The review, conducted by the Justice Department’s Civil Rights Division, follows the 2020 shooting death of Breonna Taylor in a botched police raid.

The Louisville Metro Police Department and the Louisville/Jefferson County Metro government engaged in a pattern of unconstitutional behavior by routinely using excessive force, conducting searches based on invalid warrants and unlawfully discriminating against Black people in enforcement activities, a wide-ranging federal investigation found.

The review, conducted by the Justice Department’s Civil Rights Division, also found that police violate the rights of those “engaged in protected speech critical of policing” and that some officers used racial slurs about Black citizens.

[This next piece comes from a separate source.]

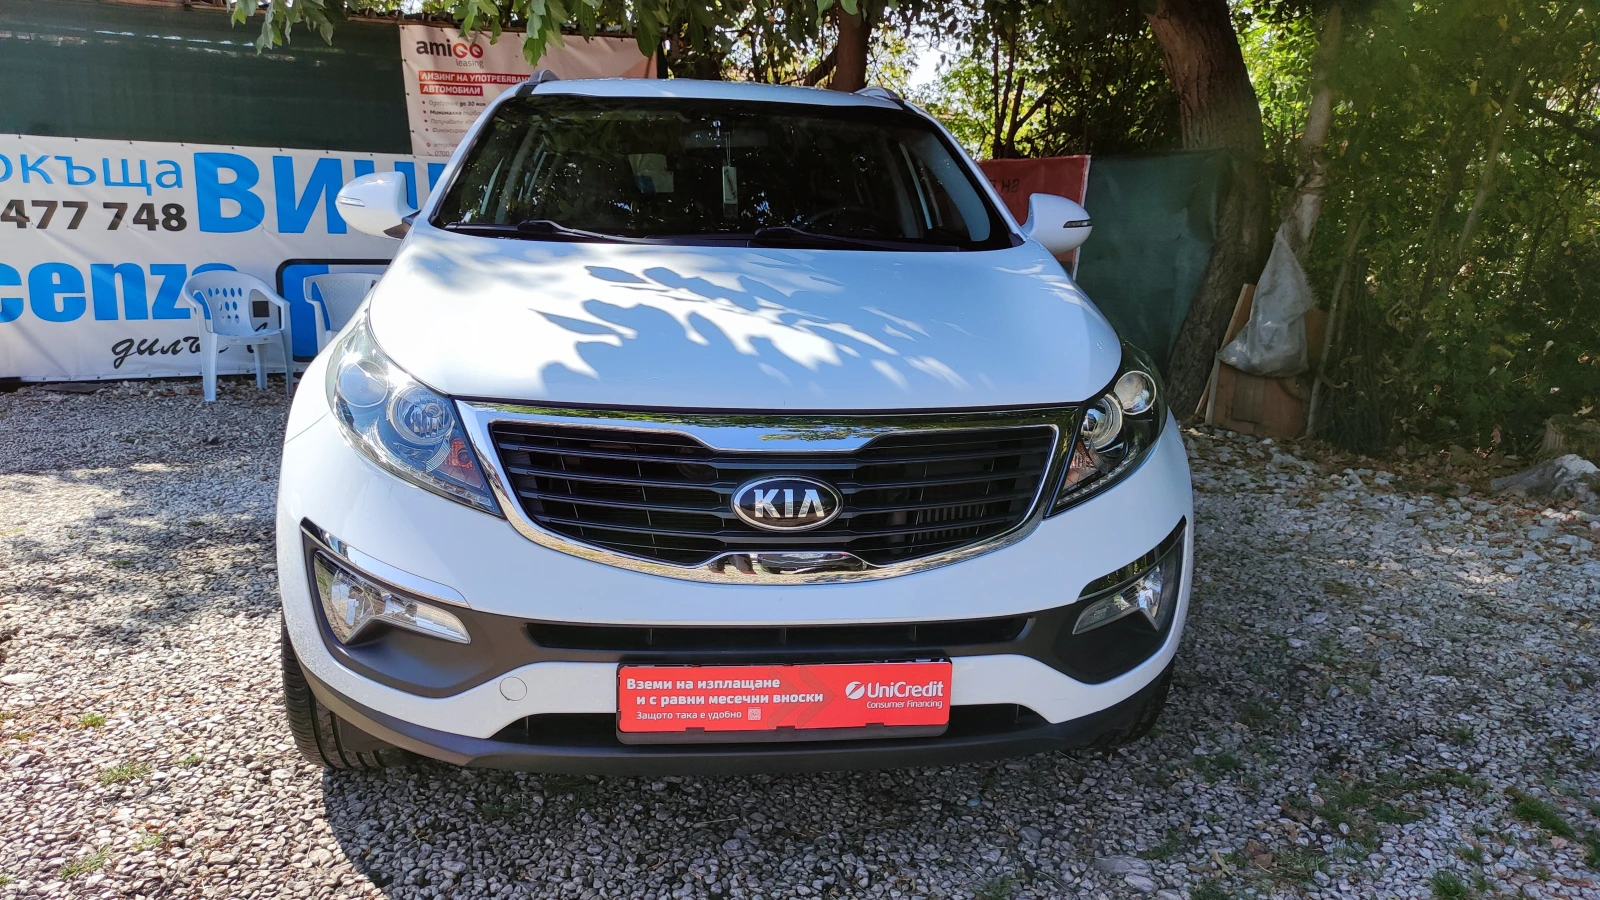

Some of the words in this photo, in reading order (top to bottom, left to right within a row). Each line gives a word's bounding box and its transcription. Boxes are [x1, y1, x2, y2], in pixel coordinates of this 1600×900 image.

The city has reached an agreement in principle to resolve the constitutional violations found by federal investigators, the Justice Department said.

The report is similar to those issued in several other cities, including Ferguson, Missouri, after the death of Michael Brown in 2014. The Trump administration backed away from federal investigations into unconstitutional policing, and the investigation into Louisville was announced early in the Biden administration, in 2021.

The Louisville investigation came in the aftermath of the botched police raid that led to the death of Breonna Taylor in March 2020. Four Louisville officers were federally charged in August in connection with Taylor’s death. DOJ’s pattern-and-practice investigation was not a criminal probe, but rather looked at broader, systemic issues in the police department.